The prediction figures in a construction application for C$227 million (US$204 million) in additions to TransCanada’s gas network on the western fringe of Toronto as a key stretch of the Ontario and Quebec pipeline network for U.S. exports.
Titled the King’s North Connection, the project includes 11 kilometers (6.8 miles) of jumbo pipe, 914 millimeters (36 inches) in diameter. The addition already has 15-year bookings for 340 MMcf/d, with deliveries scheduled to start Nov. 1, 2015.
In the construction application sent to the National Energy Board (NEB), TransCanada said King’s North is part of its settlement on overhauling services and tolls with the top Canadian distribution companies: Union Gas in southwestern Ontario, Enbridge Gas in the Toronto-Ottawa region and Quebec’s Gaz Metro (see Daily GPI, Feb. 7).
Rather than only one factor — price, transportation tolls or demand growth — King’s North grew out of a dimension that has been added to the central Canadian gas market by access to eastern U.S. shale production: competition. “The project is driven by market demand for diversity in supply,” TransCanada said.
The Calgary-based pipeline conglomerate points to development of the Marcellus and Utica shale formations in Pennsylvania, West Virginia and Ohio as permanent rivals to Alberta fields that Ontario and Quebec have relied upon since the 1950s.
“The recent development of the Marcellus and Utica basins in the U.S. Northeast represent economic and growing supplies of natural gas that are close to the Eastern Canadian markets,” TransCanada said. “The project will facilitate greater access to these U.S. sources of supply and will serve existing markets in Ontario and Quebec that are expected to remain relatively stable over time.”
In the NEB application, TransCanada said it is likely erring on the conservative side to credit the Marcellus/Utica formations with a combined 157 Tcf of economically usable gas. Current Utica estimates of 16 Tcf are likely to grow as industry gains experience with the drilling targets, the company predicts.

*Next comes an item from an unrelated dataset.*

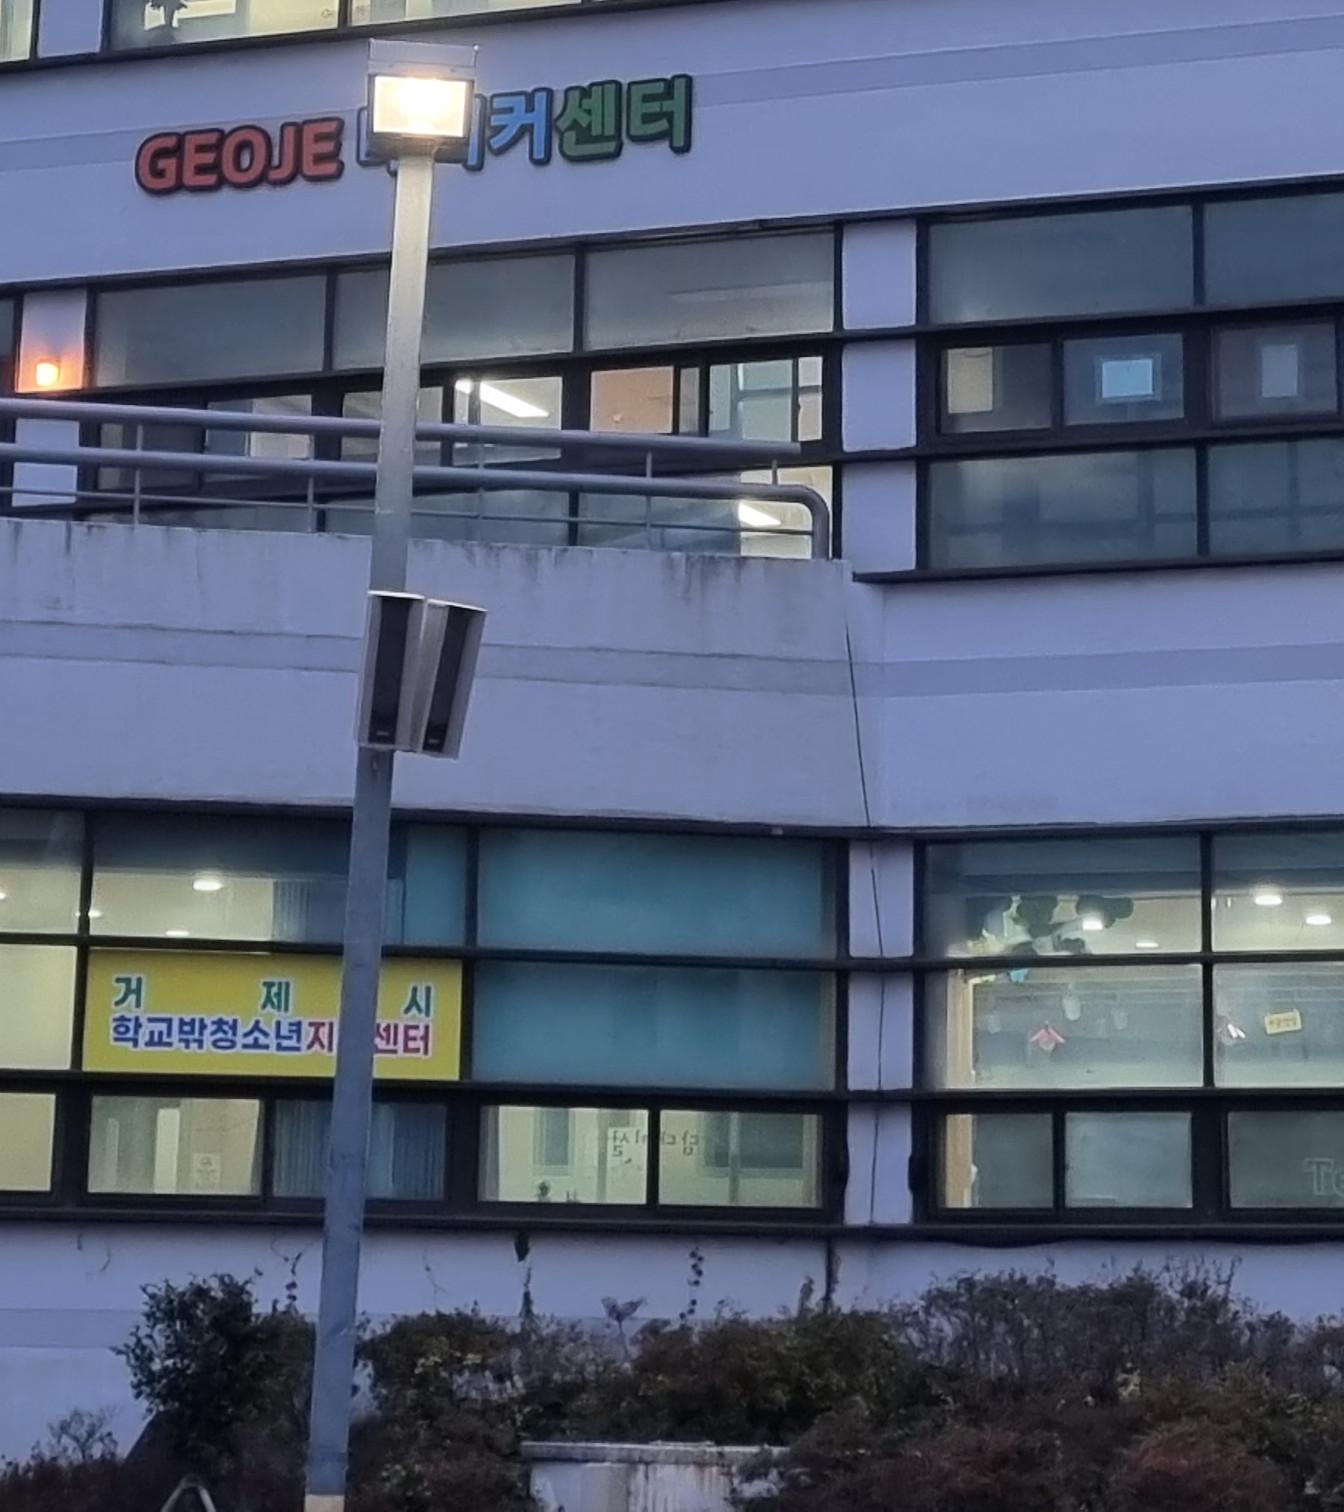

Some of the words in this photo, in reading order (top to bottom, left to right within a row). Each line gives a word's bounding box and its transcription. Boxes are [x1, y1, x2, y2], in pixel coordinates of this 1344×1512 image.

[136, 117, 344, 196] GEOJE
[356, 74, 694, 176] 커센터
[112, 1014, 432, 1057] 학교밖청소년지센터

Combined production from the two eastern U.S. shale formations currently looks on track to grow to 20 Bcf/d as of 2025, said TransCanada. The volume forecast to be available from the two new U.S. sources is 18% more than all Canadian output of 17 Bcf/d at its peak a decade ago.
“Such rapid change is unprecedented in the gas industry, where new sources of gas supply have tended to evolve and mature over decades,” said TransCanada. “Shale production in North America, in a short period, has changed the dynamics of continental flow away from traditional pipeline transportation routes.”

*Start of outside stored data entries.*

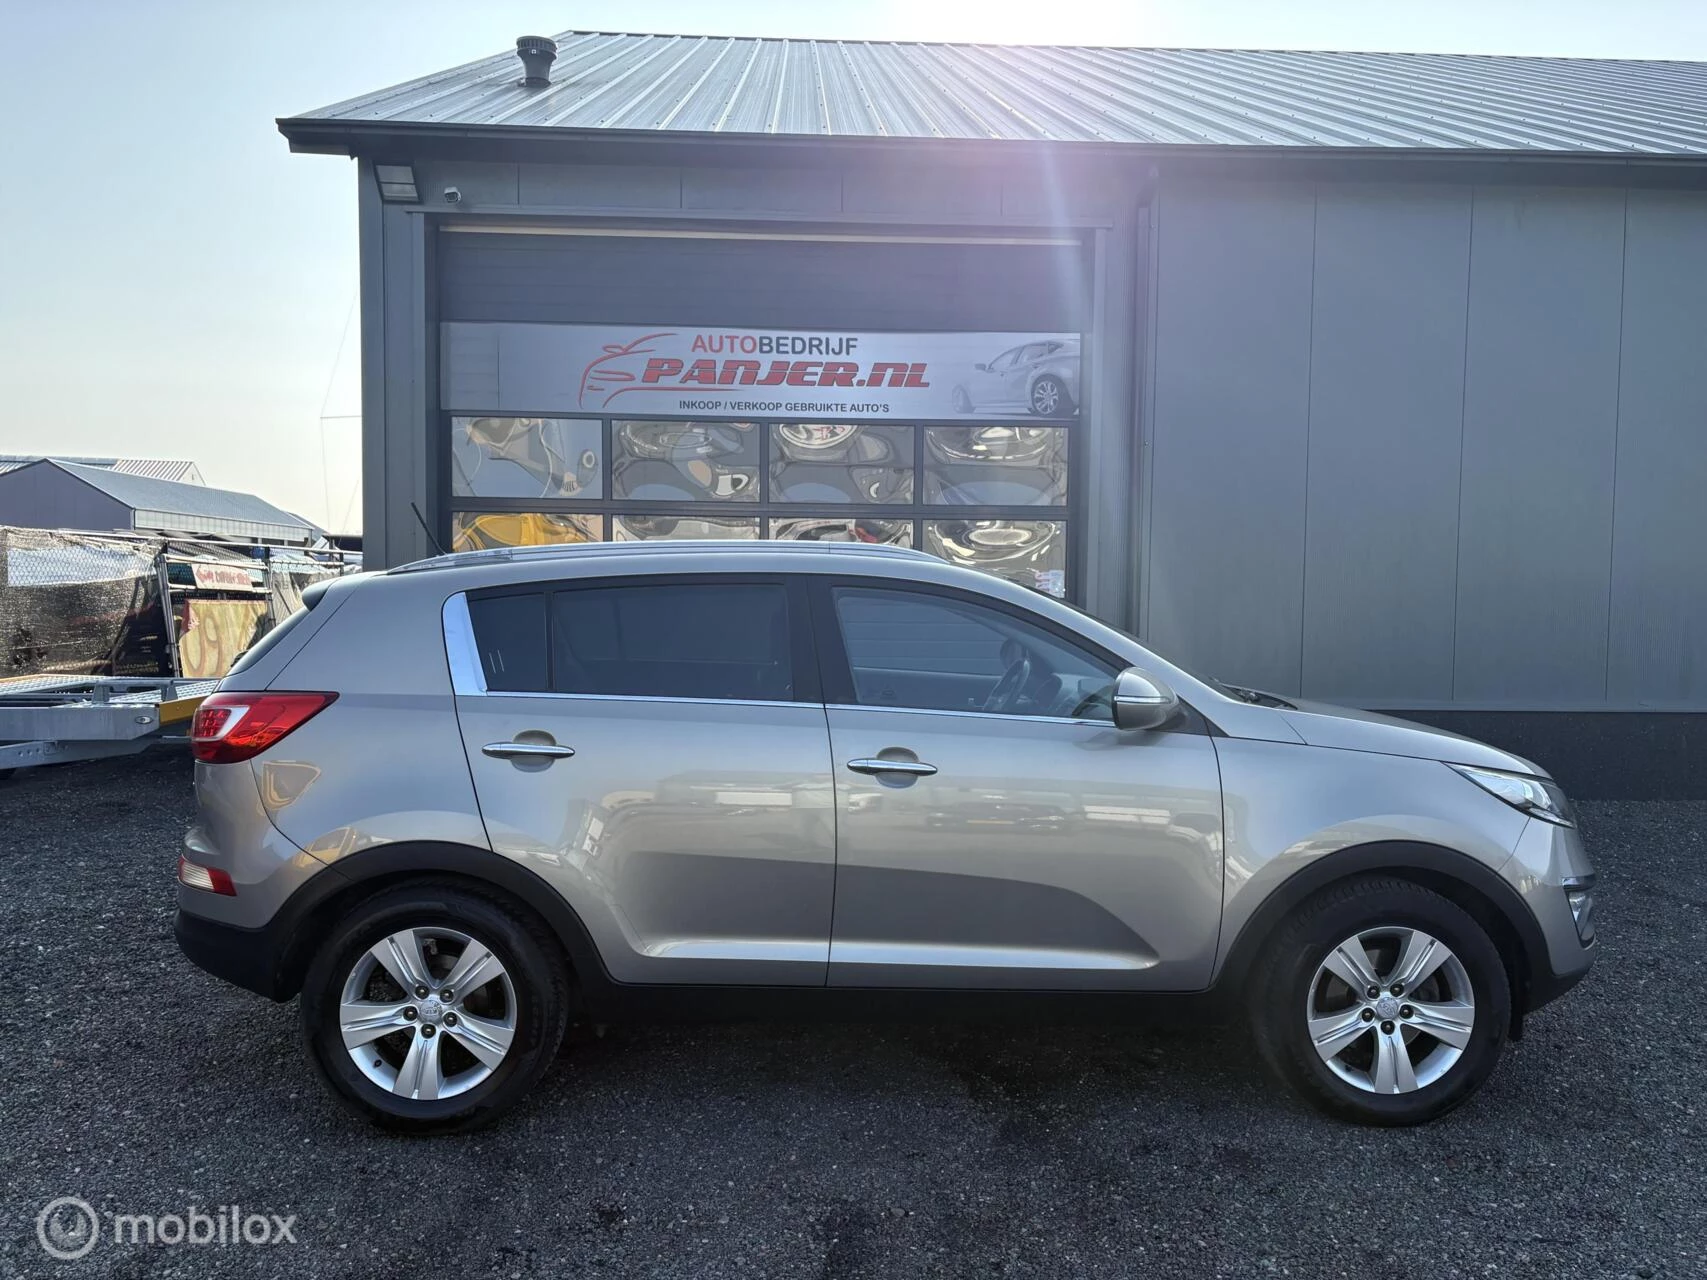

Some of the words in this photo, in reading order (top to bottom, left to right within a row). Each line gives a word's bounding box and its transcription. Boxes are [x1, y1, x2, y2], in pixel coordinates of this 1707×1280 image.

[691, 334, 859, 356] AUTOBEDRIJF
[679, 400, 721, 410] INKOOP
[729, 401, 783, 412] VERKOOP
[785, 402, 847, 412] GEBRUIKTE
[849, 403, 890, 413] AUTO'S

Effects on Canadian pipeline traffic, costs and tolls continue to be thrashed out. In a parallel case before the NEB, TransCanada is seeking approval of settlement provisions with the Ontario and Quebec distribution firms that would affect tolls on King’s North.
Residential, commercial and industrial gas demand in Ontario and Quebec appears likely to stay in its current range of 2.9-2.95 Bcf/d for the foreseeable future, said TransCanada.

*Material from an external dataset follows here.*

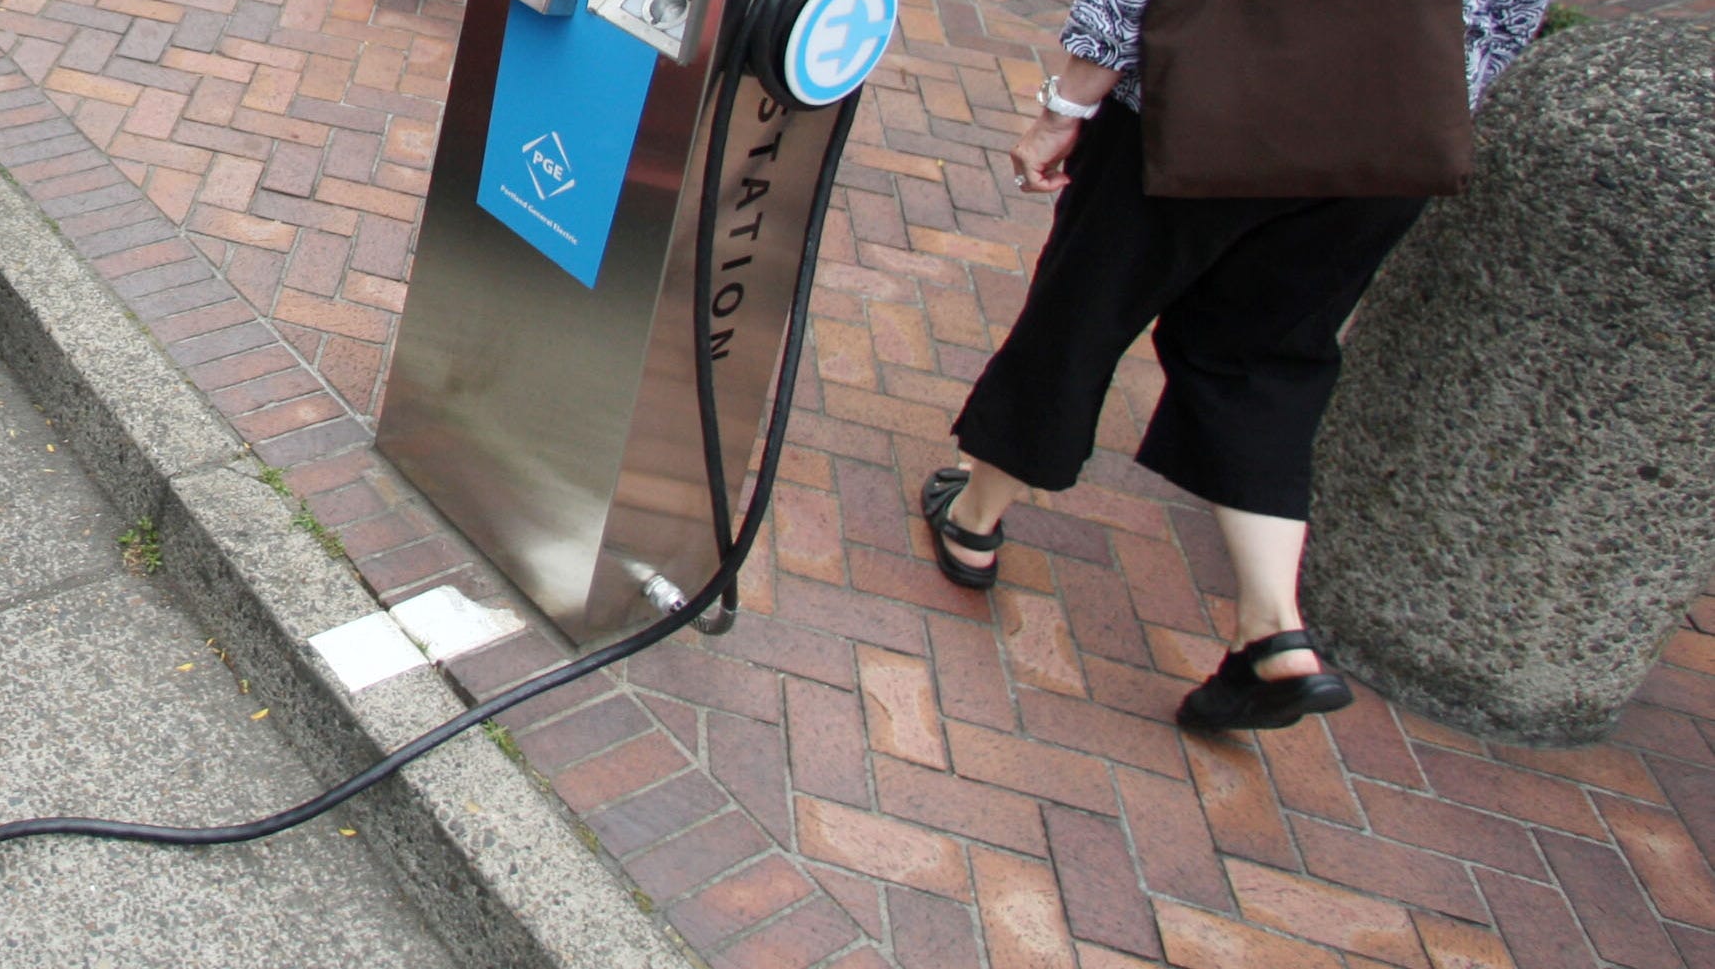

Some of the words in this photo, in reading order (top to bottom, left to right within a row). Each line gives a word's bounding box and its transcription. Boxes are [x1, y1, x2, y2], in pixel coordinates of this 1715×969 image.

[533, 150, 564, 182] PGE
[500, 184, 528, 209] Portland
[553, 222, 578, 246] Electric

But in addition to replacing Alberta supplies, U.S. exports will also be able to chase a demand growth niche. Central Canadian consumption of gas as fuel for thermal power generation plants is forecast to double to 800 MMcf/d by 2030.
U.S. gas exports to Canada already doubled over the past seven years and have been hovering at annual highs just under 1 Tcf since 2012.
King’s North is one in a series of improvements planned for the northbound freeway network for U.S. shale production. A construction application is coming soon for a bigger addition that TransCanada calls its Eastern Mainline Expansion, which would have room for 1.2 Bcf/d on 370 kilometers (230 miles) of new pipe 914 millimeters (36 inches) in diameter across eastern Ontario. Deliveries are scheduled to start Nov. 1, 2016, a year after King’s North goes into service.
The further expansion grew out of Canadian demand for increased import capacity as well as a replacement for the proposed partial conversion of TransCanada’s gas Mainline to oil service by its proposed Energy East project.